Lesson 1: "After all I've done for you"



"After all I’ve done for you, you are not going to do this for me?"



I got blackmailed with this phrase so many times by the same person. I think it was his famous quote, because every time I refused to do something because I wasn’t feeling good, I wasn’t comfortable or I simply just didn’t feel like it, he would get mad and burst out of nowhere “after all I’ve done for you, you are not going to do this for me?” as if I was in debt with him.



He said it for the first time when I refused to kiss him while watching a movie I had been waiting a whole year to watch with all of our friends. It was our three months’ celebration and he had given me two tickets to my favorite band’s concert and had paid for the tickets to the cinema, so, somehow, “I was indebted to him for his chivalry”. 



I know that this topic generates some trouble because of the limits of chivalry and what we, as women, are supposed to pay for or not when we go out on a date. In my defense, I had told him so many times that day (and the days before) that I really wanted to watch the movie and that I felt uncomfortable being too cheesy or “loving” with all our friends watching, so he wasn’t really supposed to get mad because “we were on the same channel”, or at least I thought we were.



Once I refused, he snorted, stopped hugging me and didn’t even turn to look at me through the whole movie, which was better for me because I could finally not be distracted, but once the movie ended he stormed out of the room and didn’t even make sure I got home safely. He was supposed to take me back to my house; it was 11 pm and being on your own in an Uber as a girl in Mexico City at that time was pretty dangerous, but he didn’t even care and it was one of his friends who texted me to make sure I got home safe after walking me to my Uber.

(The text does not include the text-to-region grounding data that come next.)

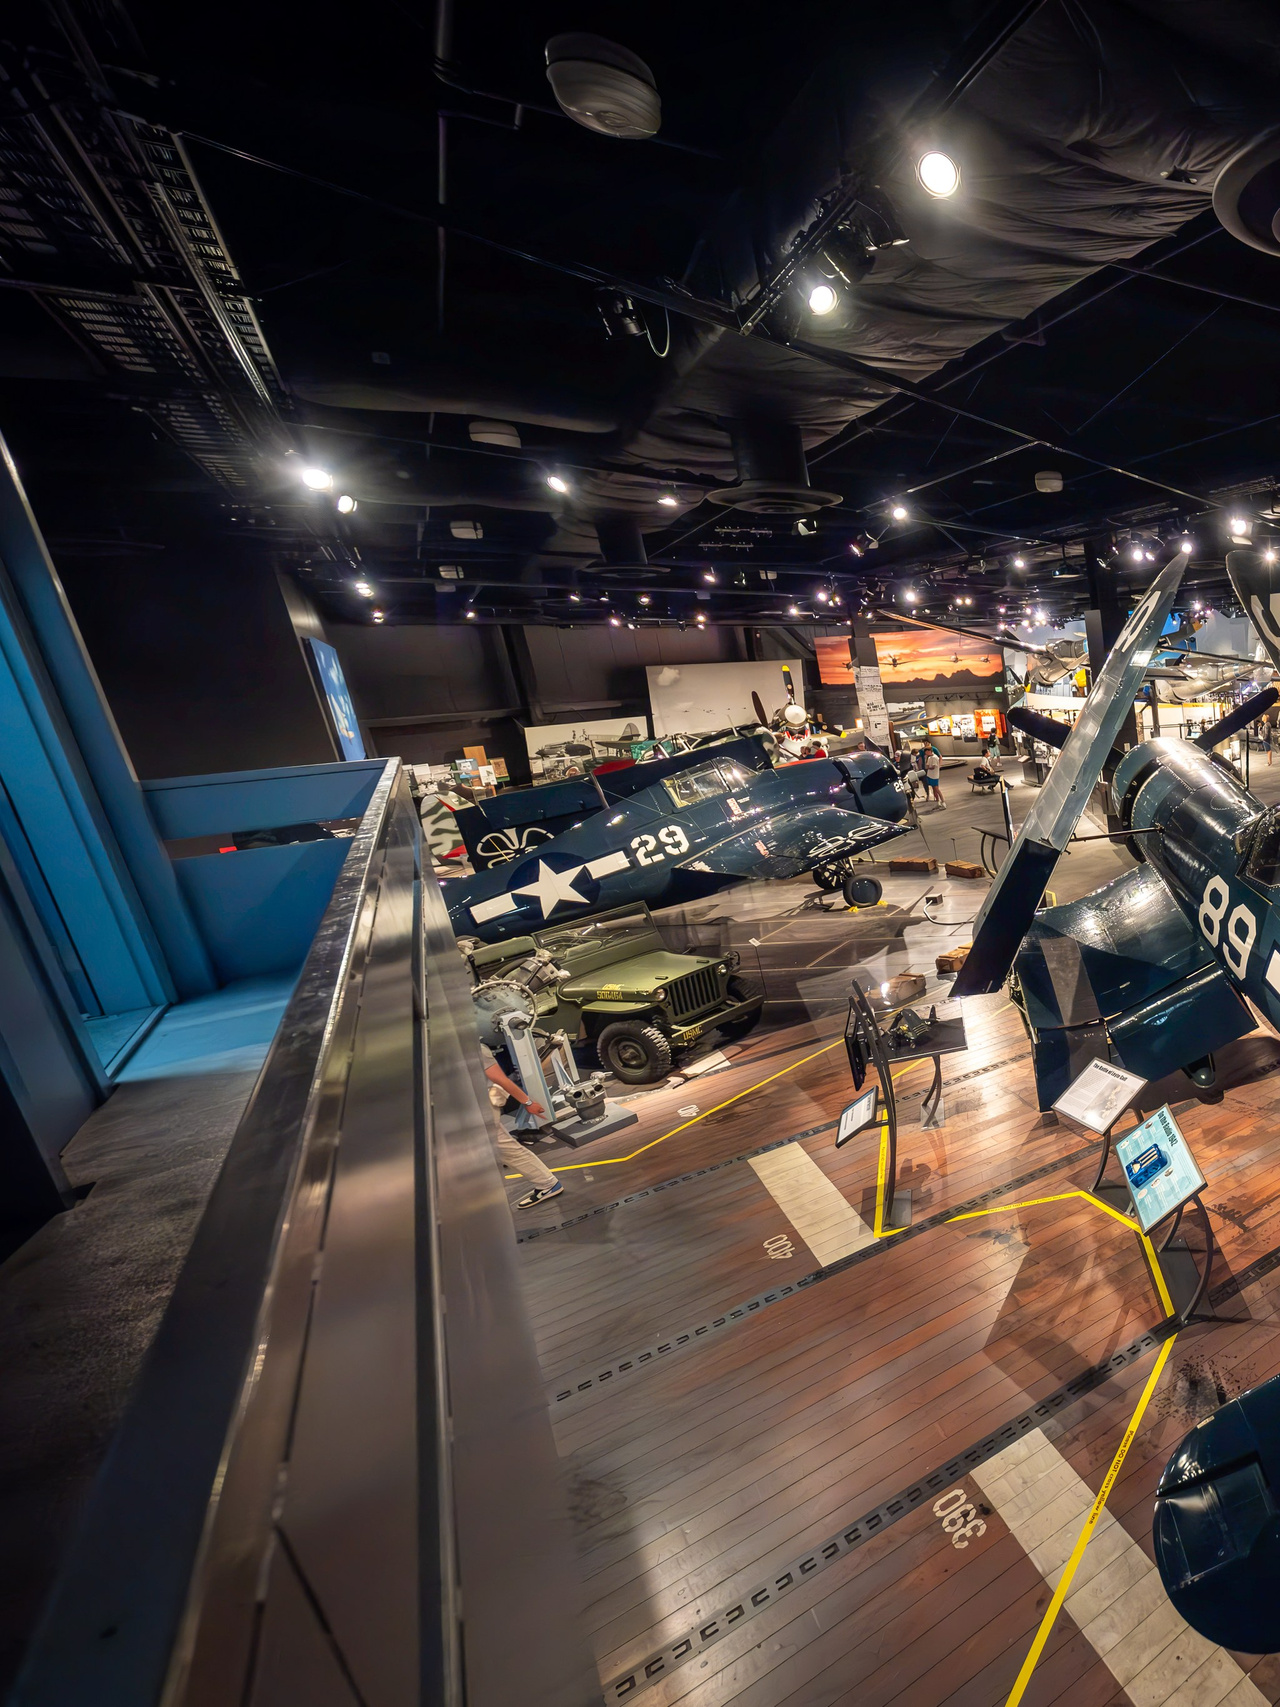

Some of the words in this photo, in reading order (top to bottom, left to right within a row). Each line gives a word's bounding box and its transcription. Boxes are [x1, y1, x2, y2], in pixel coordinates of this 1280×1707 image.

[630, 824, 690, 867] 29
[1198, 874, 1256, 980] 89
[682, 1025, 703, 1041] USMC
[762, 1234, 796, 1260] 400
[1118, 1449, 1126, 1459] DO
[1112, 1459, 1121, 1473] NOT
[1104, 1473, 1114, 1489] cross
[1095, 1489, 1107, 1512] yellow
[932, 1488, 987, 1549] 390
[1088, 1512, 1099, 1525] line
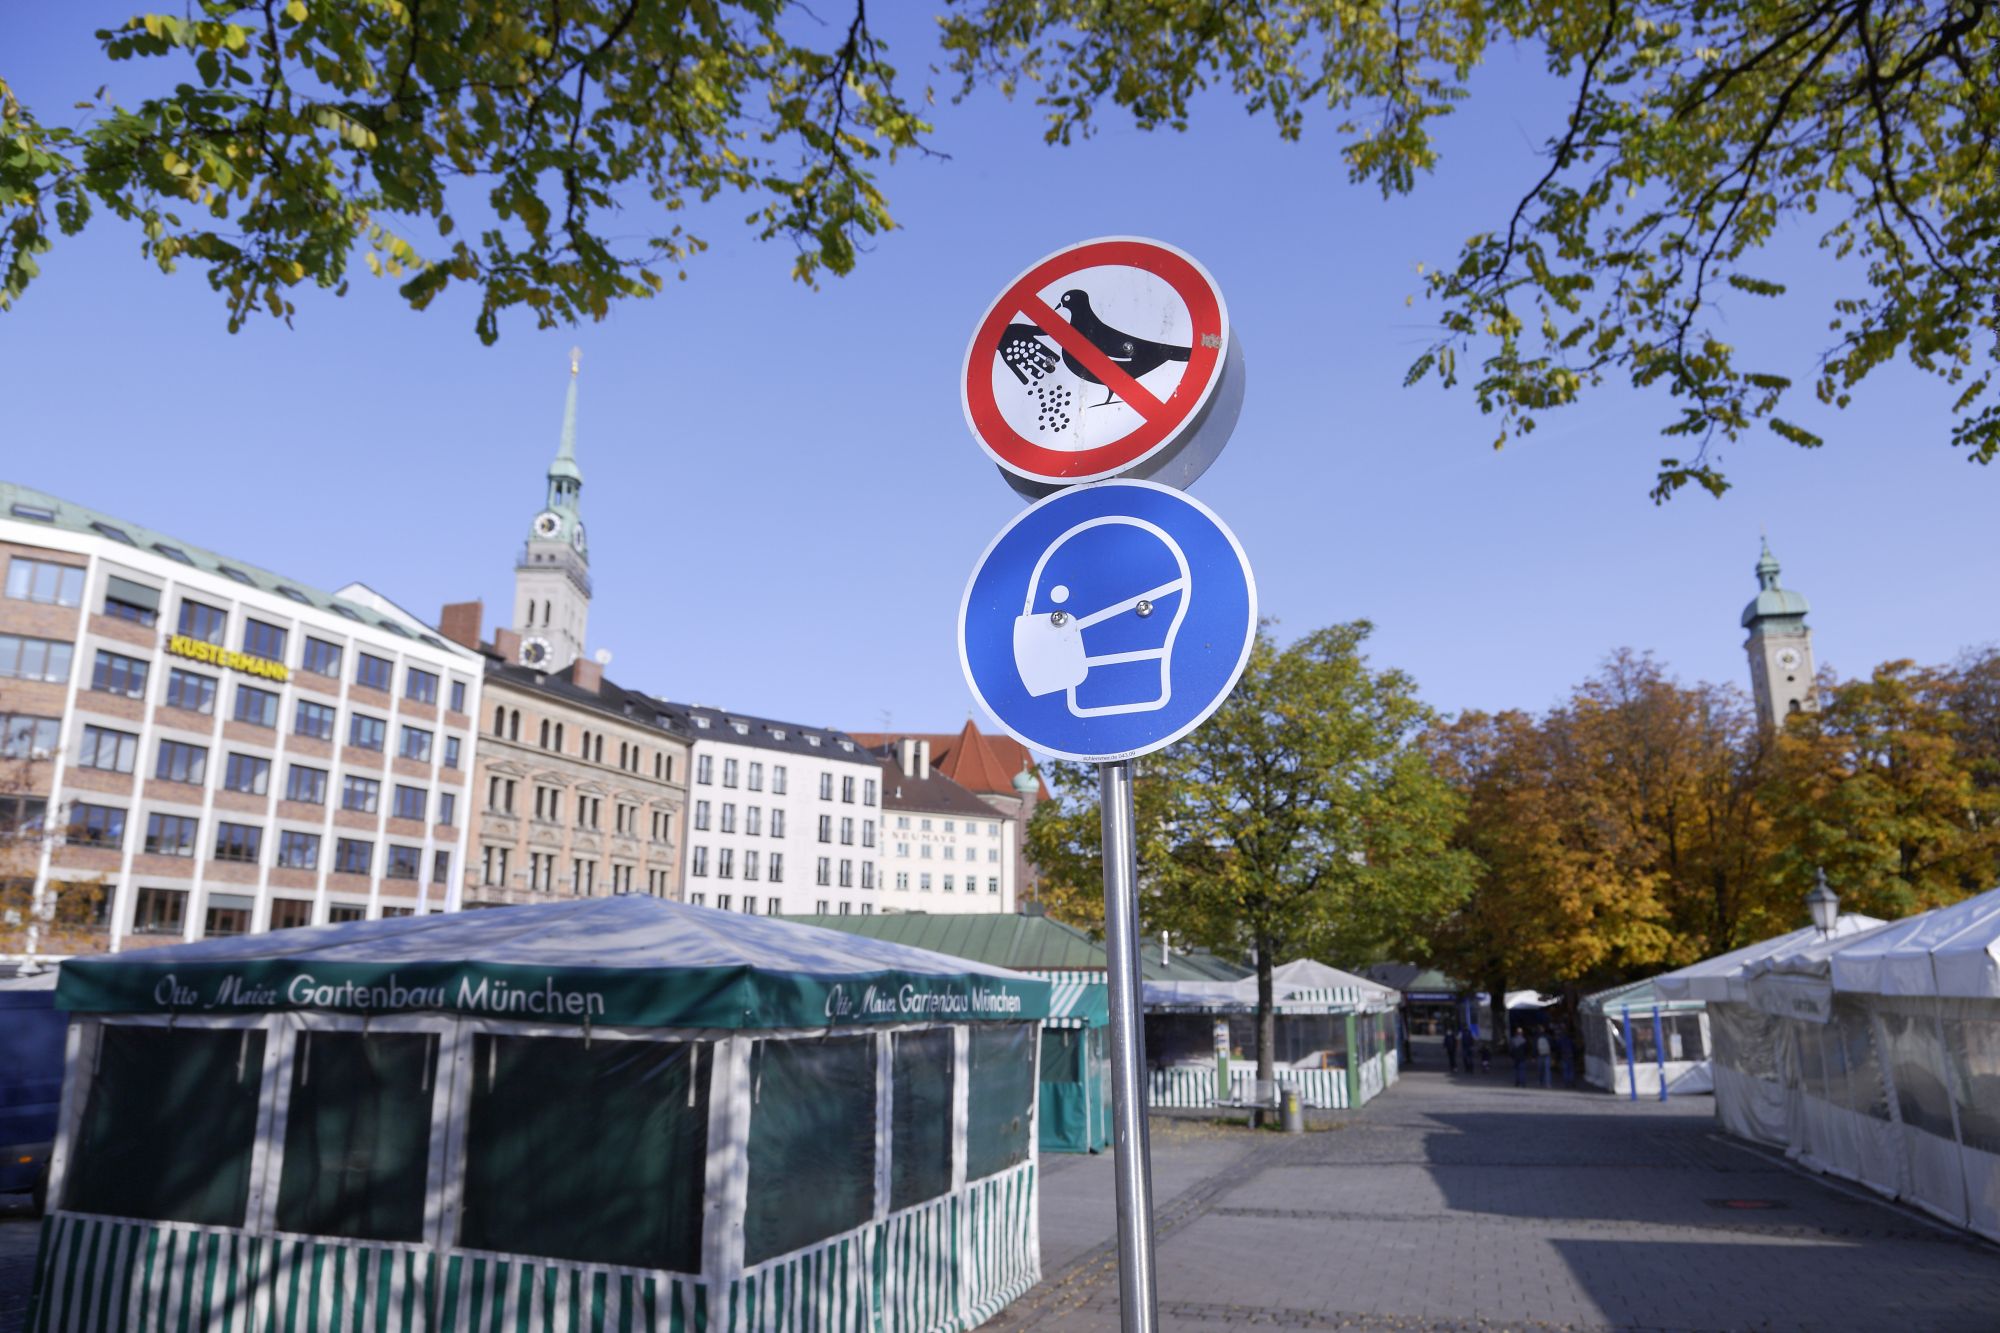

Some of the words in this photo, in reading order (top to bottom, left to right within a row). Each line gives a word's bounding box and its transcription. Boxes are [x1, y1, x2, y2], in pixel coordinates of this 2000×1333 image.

[168, 634, 290, 682] KUSTERMANN
[154, 973, 199, 1006] Otto
[203, 974, 277, 1009] Maier
[287, 973, 445, 1009] Gartenbau
[456, 975, 605, 1015] München
[825, 983, 852, 1018] Otto
[852, 984, 897, 1019] Maier
[899, 983, 969, 1014] Gartenbau
[971, 985, 1021, 1013] München

When I got home I thought it was best to let him sleep on it, but he simply started texting me that I was an ungrateful and spoiled child and that it was so incredibly selfish of me to do something like that after all he had done for me that day. In a second I started apologizing, feeling like it was my complete fault and that I was, actually, in debt with him. Literally, I had to humiliate myself to convince him to forgive me; I begged him for a whole day to just talk to me and to let me explain to him what had happened and, for a couple of months after “he forgave me”, he still used this incident as a new way to blackmail me into doing what he wanted.



Later on, he would use this same phrase to convince me of walking back home on my own at night (after he had told me he was taking me back early) or doing anything sexual with him just because “he invited me to have lunch at his place”, as if it had been the greatest love act he could’ve ever done.



Again, I know that not all women need a man to take care of them, but my parents trusted him to get me back home safely after I hung out with him and everytime I ended up lying to them so they wouldn’t get mad at him and would keep letting me go out with him. One important thing I want to emphasize is that, once you need to lie to your parents (this applies especially to teenagers and girls), your friends or anyone that you have any confidence in, it is a red flag to watch out for.



My father was not deluded, so he approached me (please, if any of you are mothers, don’t be afraid to talk to your children about what you find shady about their relationships) and told me “my dear, I don’t trust that boy anymore and I would like you to think very seriously about your relationship with him because he is blackmailing you into lying to me and putting yourself in danger just so he stays in his comfort zone”. 



It took me a whole year and a half to finally understand that he was hurting me and my relationship with my family and, when I finally broke up with him, he started telling me that “all I wanted was a driver and a wallet” but that, to my misfortune, “he was not going to be the one to keep spoiling me”. I’m not gonna lie, I didn’t even feel bad, in fact, I felt so incredibly relieved that he was finally going to leave me alone.



Ladies, if you had an agreement with someone and he decides to do last-minute changes he didn’t tell you about and gets mad at you when you remind him of the original agreement, run away. 



Also, run away whenever he makes you feel like you are in debt with him. You are not his property, you don’t owe him anything, and you should never feel as if you should put your conscience or your peace aside to “make it up” for him. If he really loves you and if he really cares for you he won’t force you to do anything you don’t feel comfortable with.  



He just wants you to be there for him whenever he wants or needs you, but won’t be there for you whenever you want him, let alone whenever you really need him.